Monday, November 17, 2008

Postmodern Universalization and the Logic of Incarnation

Neal DeRoo, a guy I met in April at the Society for Continental Philosophy and Theology conference in Boston, has co-edited with Brian Lightbody a book called The Logic of Incarnation: James K.A. Smith's Critique of Postmodern Religion. Jamie Smith also contributes and responds.

Here's some blurb and endorsements:


"With his Logic of Incarnation, James K. A. Smith has provided a compelling critique of the universalizing tendencies in some strands of postmodern philosophy of religion. A truly postmodern account of religion must take seriously the preference for particularity first evidenced in the Christian account of the incarnation of God. Moving beyond the urge to universalize, which characterizes modern thought, Smith argues that it is only by taking seriously particular differences—historical, religious, and doctrinal—that we can be authentically religious and authentically postmodern.

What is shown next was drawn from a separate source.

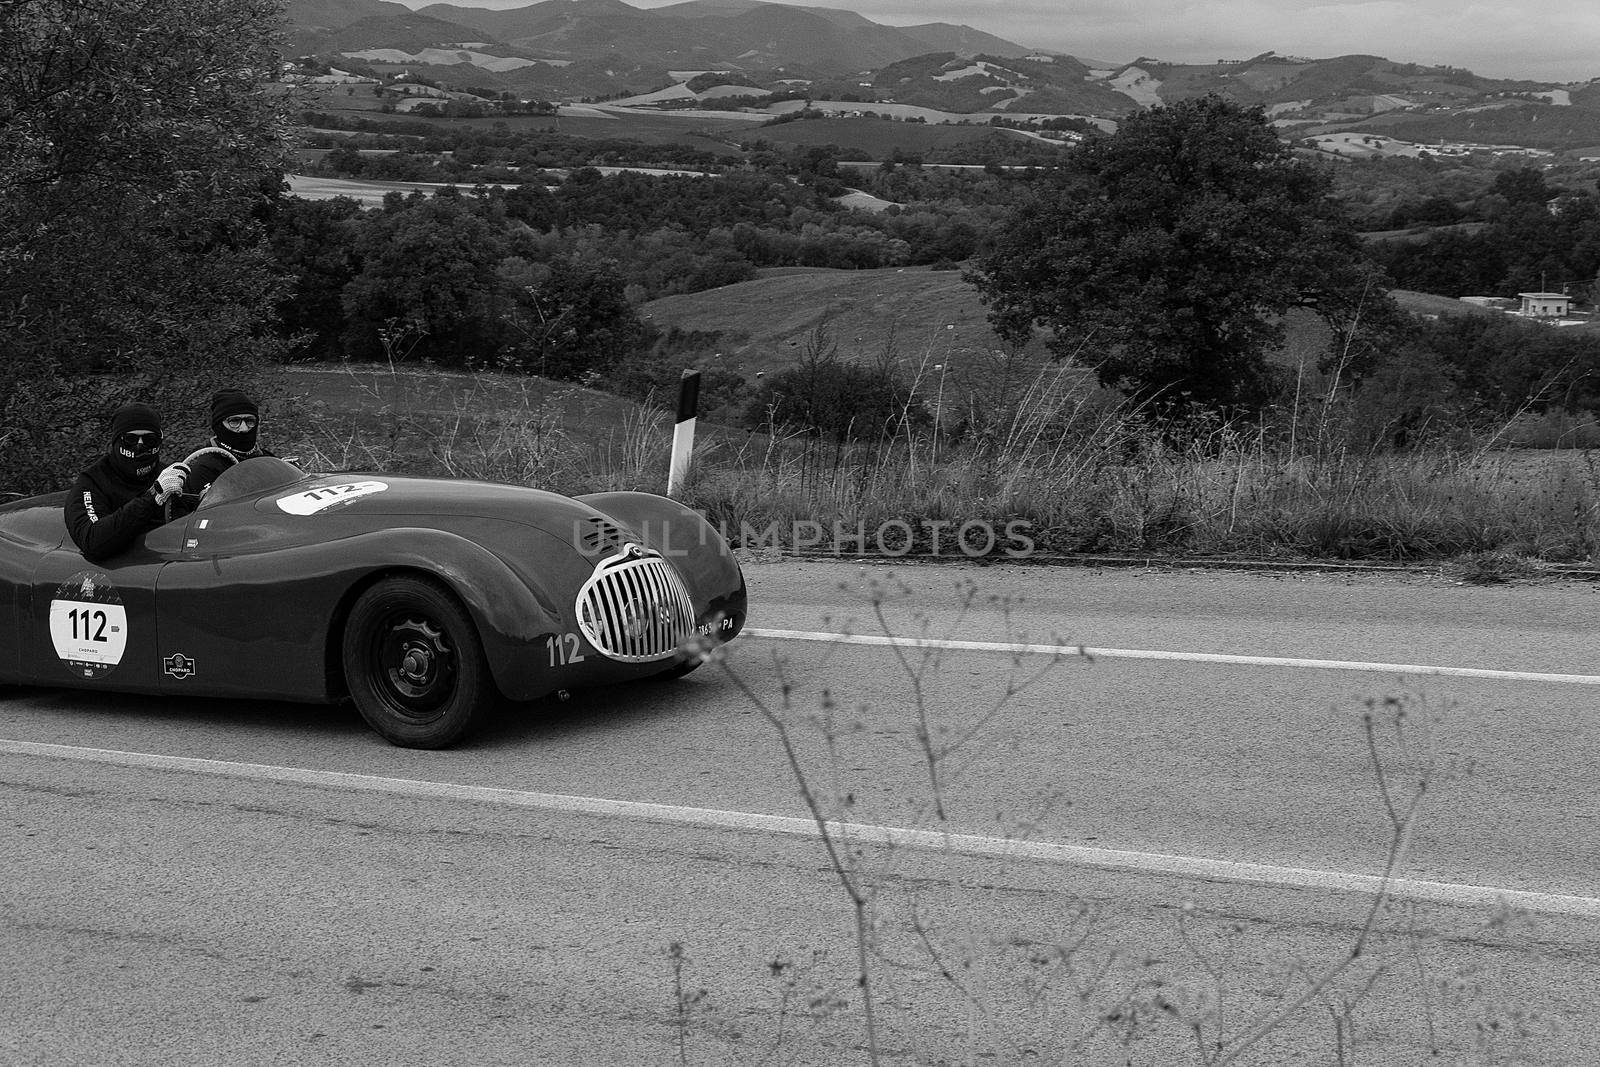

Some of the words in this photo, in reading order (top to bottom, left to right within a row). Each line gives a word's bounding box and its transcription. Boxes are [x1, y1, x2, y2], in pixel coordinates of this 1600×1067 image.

"Smith remains hugely influential in both academic discourse and church movements. This book is the first organized attempt to bring both of these aspects of Smith’s work into conversation with each other and with him. With articles from an internationally respected group of philosophers, theologians, pastors, and laypeople, the entire range of Smith’s considerable influence is represented here. Discussing questions of embodiment, eschatology, inter-religious dialogue, dogma, and difference, this book opens all the most relevant issues in postmodern religious life to a unique and penetrating critique."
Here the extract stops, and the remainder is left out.